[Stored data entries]
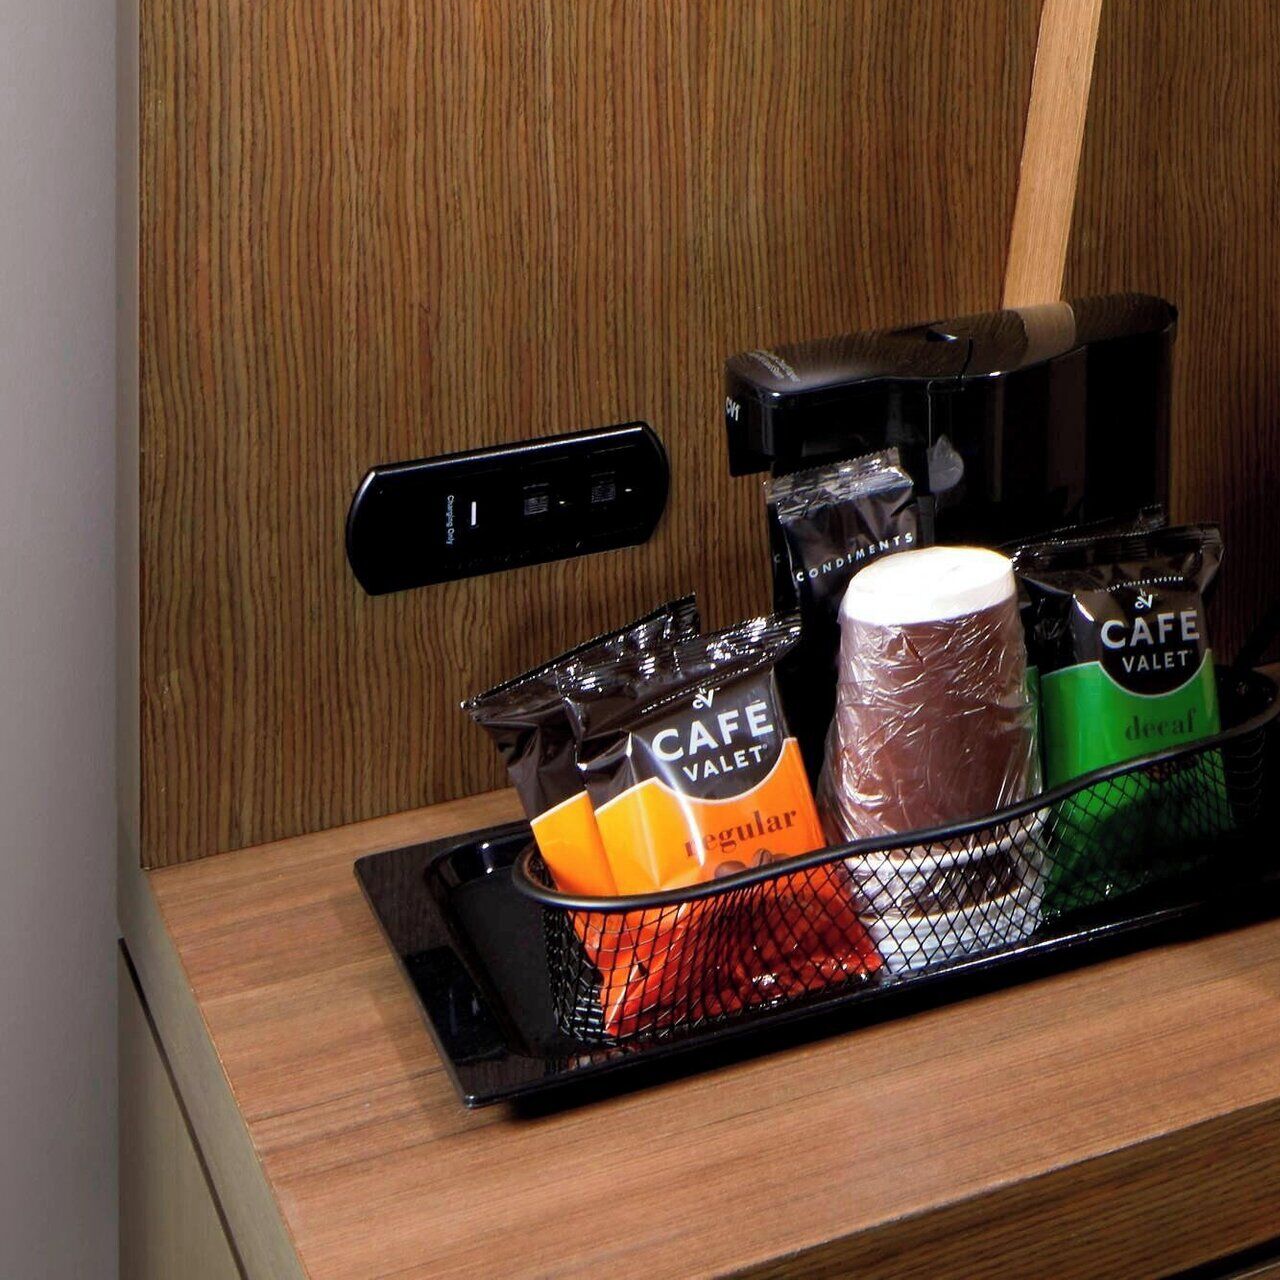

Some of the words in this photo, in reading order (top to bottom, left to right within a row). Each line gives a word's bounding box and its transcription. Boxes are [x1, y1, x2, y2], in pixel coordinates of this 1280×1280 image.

[795, 531, 914, 583] CONDIMENTS
[1122, 650, 1188, 674] VALET
[1124, 705, 1197, 742] decaf
[682, 745, 763, 783] VALET
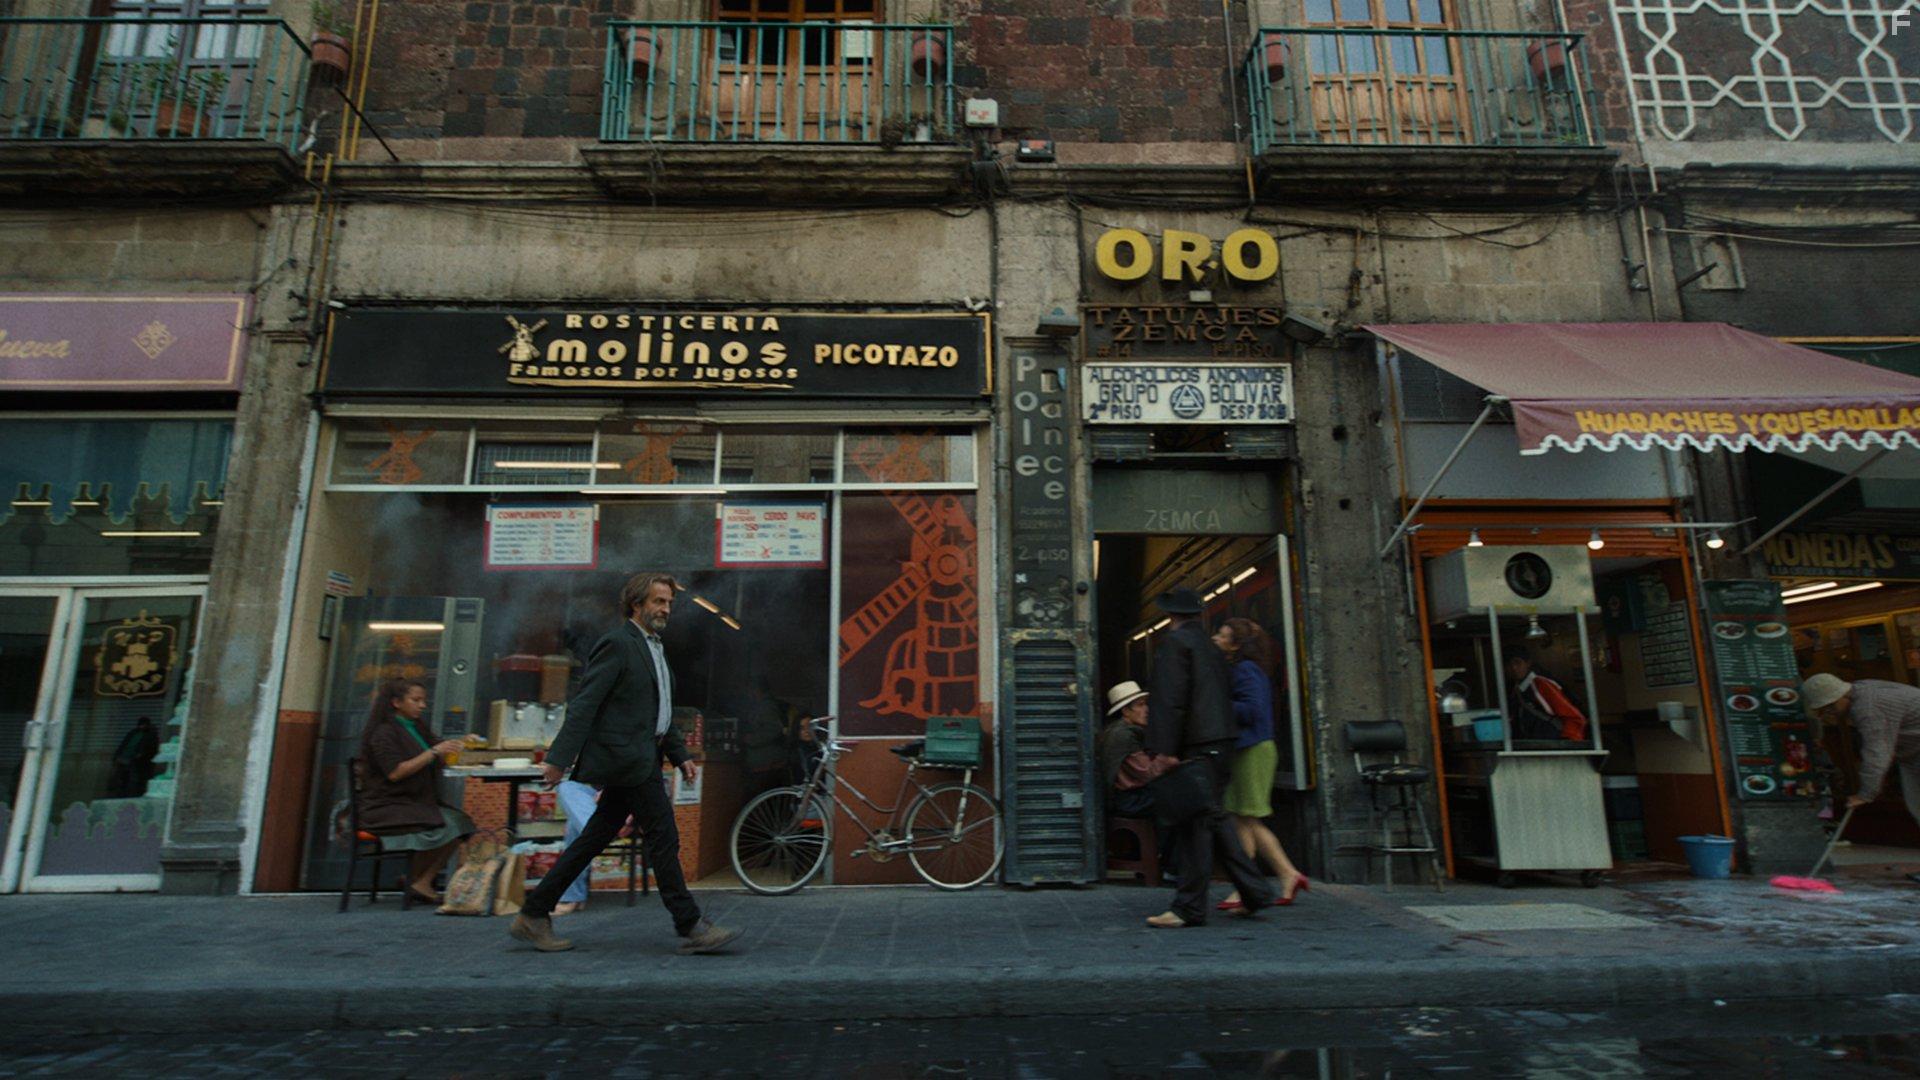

■ What is being asked
Reproduce every entry above in full and exactly, though not its pictures.

■ Finished task
Some of the words in this photo, in reading order (top to bottom, left to right within a row). Each line gives a word's bounding box and its transcription. Boxes are [x1, y1, x2, y2], in pixel coordinates of this 1280×1280 image.

[795, 531, 914, 583] CONDIMENTS
[1122, 650, 1188, 674] VALET
[1124, 705, 1197, 742] decaf
[682, 745, 763, 783] VALET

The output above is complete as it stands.